▶ [Work to complete]: Restate each record below word for word, skipping images.

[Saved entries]
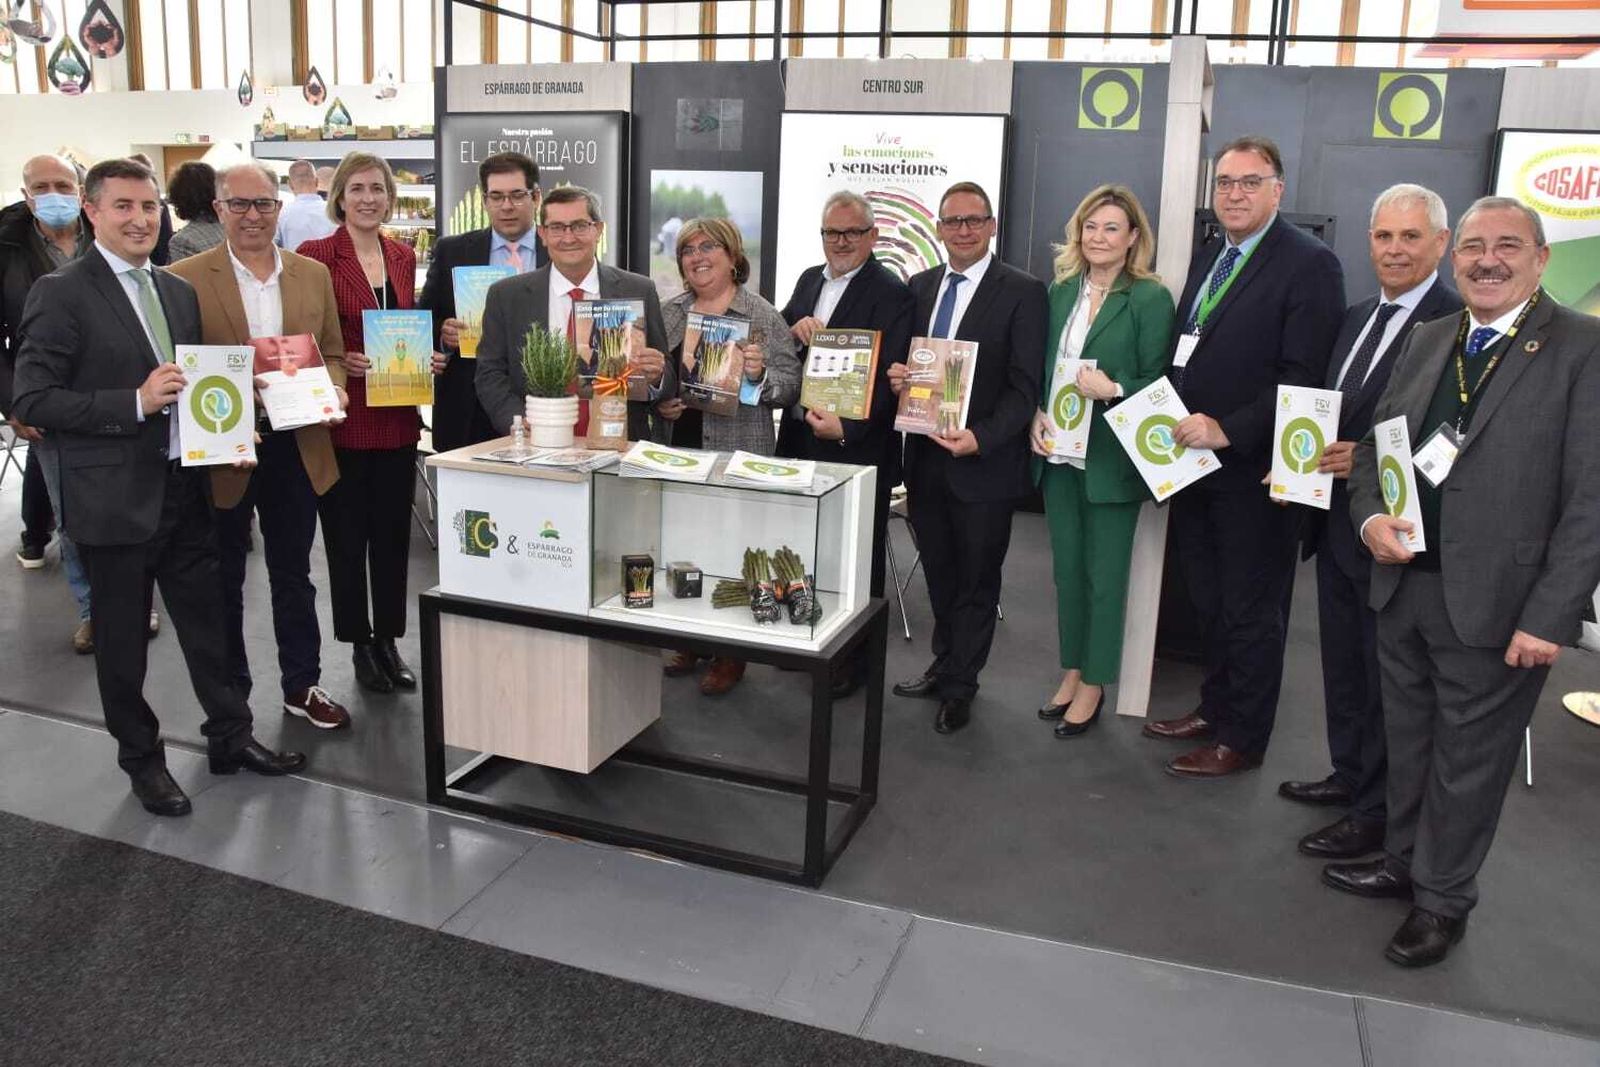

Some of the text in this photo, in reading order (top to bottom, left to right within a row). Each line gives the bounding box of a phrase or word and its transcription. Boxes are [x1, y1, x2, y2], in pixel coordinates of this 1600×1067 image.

[484, 81, 584, 95] ESPÁRRAGO DE GRANADA
[862, 79, 924, 94] CENTRO SUR
[460, 141, 479, 163] EL
[842, 145, 934, 159] las emociones
[827, 159, 948, 178] y sensaciones
[1533, 165, 1600, 201] COSAF
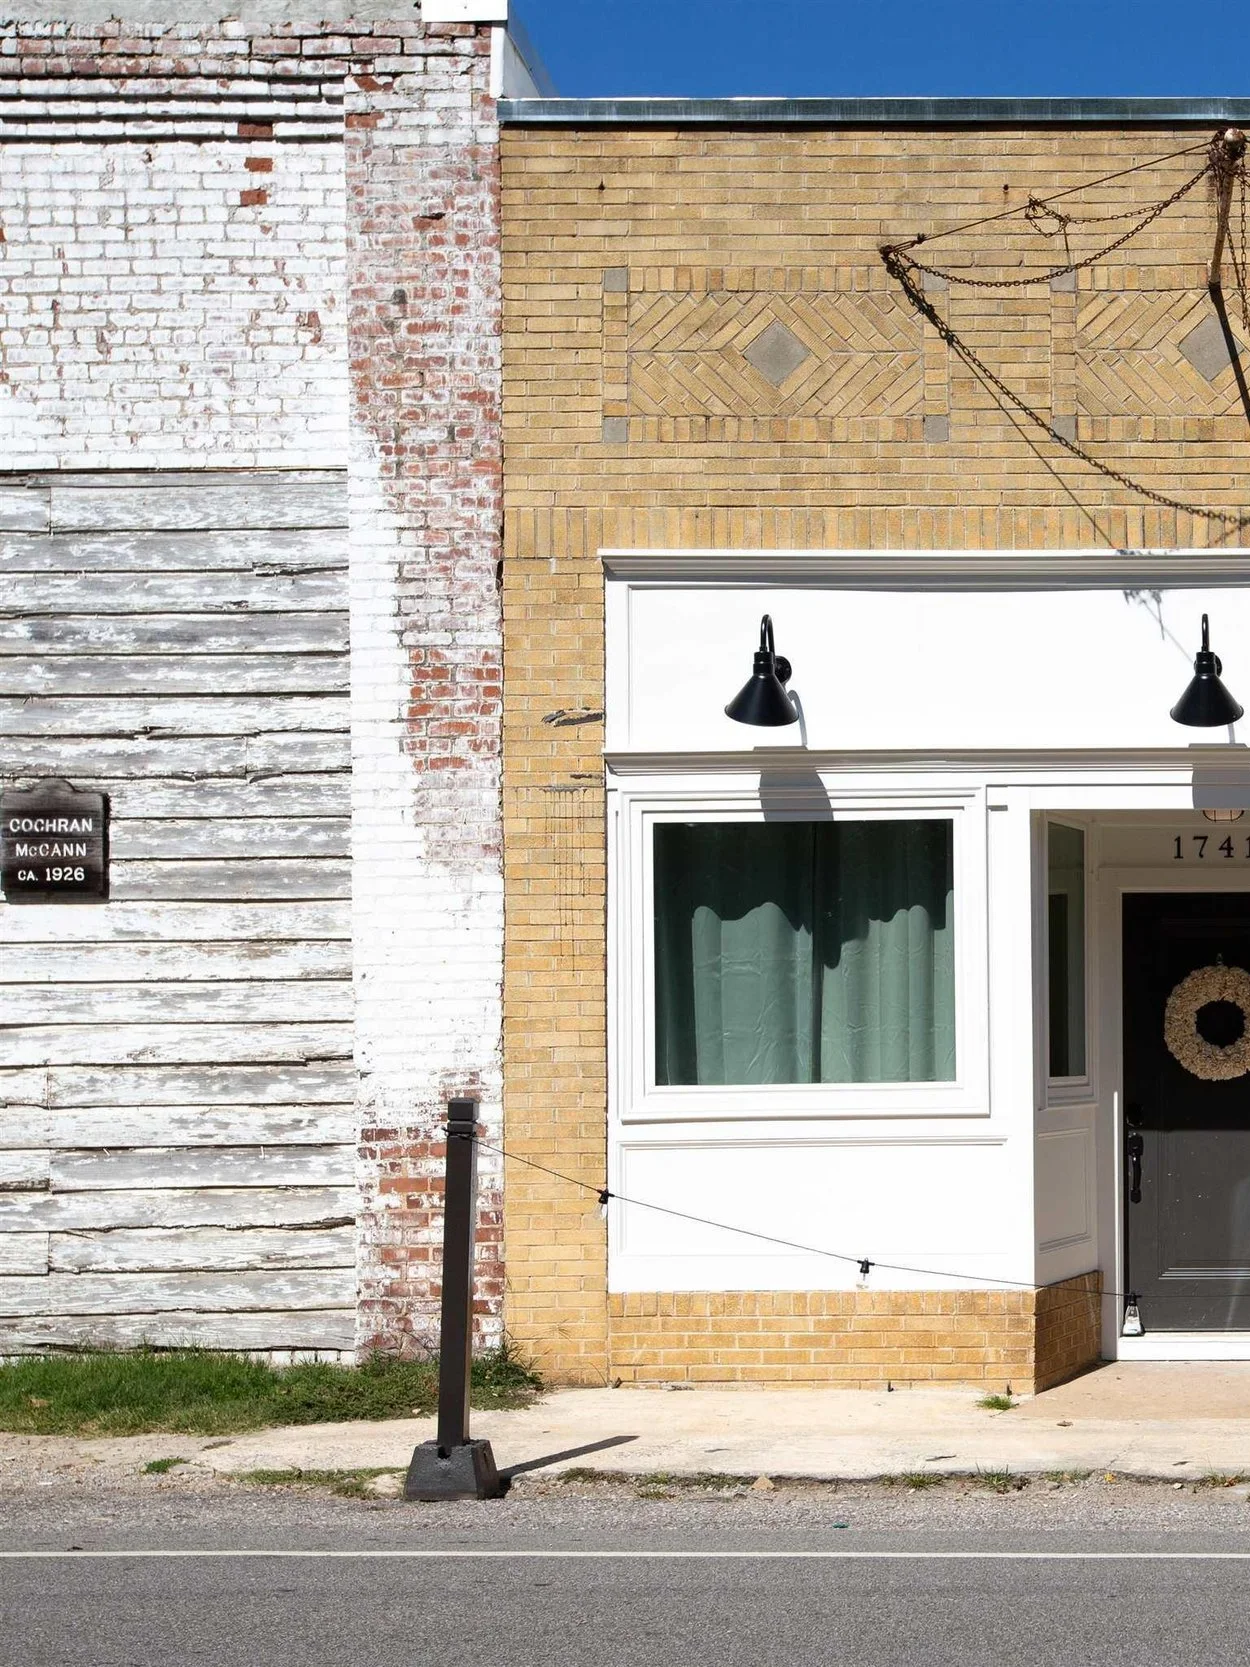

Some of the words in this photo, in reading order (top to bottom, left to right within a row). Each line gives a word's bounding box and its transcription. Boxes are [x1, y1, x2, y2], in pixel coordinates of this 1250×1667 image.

[9, 818, 93, 833] COCHRAN
[15, 843, 87, 857] McCANN
[17, 869, 39, 881] CA.
[45, 867, 85, 881] 1926

▶ [Task response]:
Some of the text in this photo, in reading order (top to bottom, left to right within a row). Each line gives the bounding box of a phrase or word and its transcription. Boxes are [x1, y1, x2, y2], in pixel coordinates of this 1600×1067 image.

[484, 81, 584, 95] ESPÁRRAGO DE GRANADA
[862, 79, 924, 94] CENTRO SUR
[460, 141, 479, 163] EL
[842, 145, 934, 159] las emociones
[827, 159, 948, 178] y sensaciones
[1533, 165, 1600, 201] COSAF

Some of the words in this photo, in reading order (top to bottom, left to right within a row). Each line gives a word's bounding box and its transcription. Boxes are [x1, y1, x2, y2], in pixel coordinates of this 1250×1667 image.

[9, 818, 93, 833] COCHRAN
[15, 843, 87, 857] McCANN
[17, 869, 39, 881] CA.
[45, 867, 85, 881] 1926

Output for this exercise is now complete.